British rock lost one of its finest and most discreet stylists today, with the sad news of Richard Wright’s death. A founder member of Pink Floyd, Wright always stayed scrupulously clear of the spotlight. But his stately keyboard playing added immeasurably to the cosmic grandeur of the band, and his vocal and songwriting collaborations were a critical part of Floyd’s pervasive appeal.

Indeed, it’s a mark of Wright’s discretion that the major battle in Pink Floyd is usually perceived as being between Dave Gilmour and Roger Waters. Wright was actually forced to resign from the band during the recording of The Wall, as his relationship with Waters went awry. He did, however, continue to tour with the band as a hired hand rather than a full-time member.

When Waters left the band, Wright officially rejoined Pink Floyd, and by the time of 1994’s The Division Bell, he was a major contributor alongside Gilmour, co-writing five songs and singing lead on one (“Wearing The Inside Out”).

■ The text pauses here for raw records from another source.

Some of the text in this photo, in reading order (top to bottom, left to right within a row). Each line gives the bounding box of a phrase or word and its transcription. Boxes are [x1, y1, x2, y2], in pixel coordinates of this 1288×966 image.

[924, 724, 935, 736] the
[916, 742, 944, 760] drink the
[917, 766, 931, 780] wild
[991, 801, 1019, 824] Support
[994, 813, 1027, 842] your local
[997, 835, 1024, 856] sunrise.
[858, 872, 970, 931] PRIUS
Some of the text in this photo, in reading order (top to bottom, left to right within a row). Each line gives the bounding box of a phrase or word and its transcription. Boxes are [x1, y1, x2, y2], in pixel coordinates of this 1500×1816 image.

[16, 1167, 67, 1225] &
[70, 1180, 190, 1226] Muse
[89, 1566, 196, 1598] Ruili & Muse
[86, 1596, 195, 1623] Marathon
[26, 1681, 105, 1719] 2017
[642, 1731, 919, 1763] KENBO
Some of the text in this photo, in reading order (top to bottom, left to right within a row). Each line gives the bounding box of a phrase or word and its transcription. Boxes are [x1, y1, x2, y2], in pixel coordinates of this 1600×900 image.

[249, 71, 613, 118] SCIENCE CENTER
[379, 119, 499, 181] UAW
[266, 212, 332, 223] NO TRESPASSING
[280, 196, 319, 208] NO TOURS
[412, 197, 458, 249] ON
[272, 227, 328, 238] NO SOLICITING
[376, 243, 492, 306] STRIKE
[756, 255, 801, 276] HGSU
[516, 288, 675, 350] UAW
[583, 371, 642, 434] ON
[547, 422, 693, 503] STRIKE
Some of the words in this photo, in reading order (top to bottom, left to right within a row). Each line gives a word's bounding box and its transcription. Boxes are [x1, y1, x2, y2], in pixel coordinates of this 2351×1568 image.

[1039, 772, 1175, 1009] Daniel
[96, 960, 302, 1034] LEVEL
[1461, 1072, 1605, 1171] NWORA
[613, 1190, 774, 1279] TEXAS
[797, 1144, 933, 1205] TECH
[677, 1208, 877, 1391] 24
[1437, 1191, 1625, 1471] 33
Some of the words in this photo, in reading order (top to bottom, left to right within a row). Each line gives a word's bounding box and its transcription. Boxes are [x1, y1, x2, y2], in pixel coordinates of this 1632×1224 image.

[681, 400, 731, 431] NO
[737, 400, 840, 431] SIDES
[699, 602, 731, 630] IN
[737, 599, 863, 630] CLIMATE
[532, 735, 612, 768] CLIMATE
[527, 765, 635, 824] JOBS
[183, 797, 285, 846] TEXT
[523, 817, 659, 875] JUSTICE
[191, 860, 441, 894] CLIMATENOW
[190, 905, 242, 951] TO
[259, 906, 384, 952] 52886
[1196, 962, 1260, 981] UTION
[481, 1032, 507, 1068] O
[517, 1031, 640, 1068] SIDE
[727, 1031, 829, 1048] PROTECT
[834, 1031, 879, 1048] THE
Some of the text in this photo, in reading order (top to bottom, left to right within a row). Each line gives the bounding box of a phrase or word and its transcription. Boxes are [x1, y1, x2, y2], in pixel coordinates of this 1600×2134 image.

Wright’s return to prominence within the band on their last album provided a neat career arc. He had, after all, been a huge presence in Pink Floyd from their birth, second only to Syd Barrett as a creative force in their earliest days. He sang lead on “Astronomy Domine” and “Matilda Mother”.

By “The Dark Side Of The Moon”, Wright flourished in his role of musical facilitator for some of the band’s more audacious ideas. Amongst his major songwriting contributions, “The Great Gig In The Sky” and “Us And Them” are obvious stand-outs.

Wright also recorded two solo albums,“Wet Dream” (1978) and “Broken China” (1996). He was also briefly part of Zee, a duo with Fashion’s Dave Harris, in the mid-‘80s.

In recent years, he appeared to be firmly part of Dave Gilmour’s camp. While Nick Mason collaborated with both Gilmour and Roger Waters, Wright opted to stay with the guitarist, appearing on his recent “On An Island” and refusing to join Waters and Mason on their tour of “Dark Side. . .”. Like Gilmour, he showed little interest in pursuing a Pink Floyd reunion after the Live 8 show.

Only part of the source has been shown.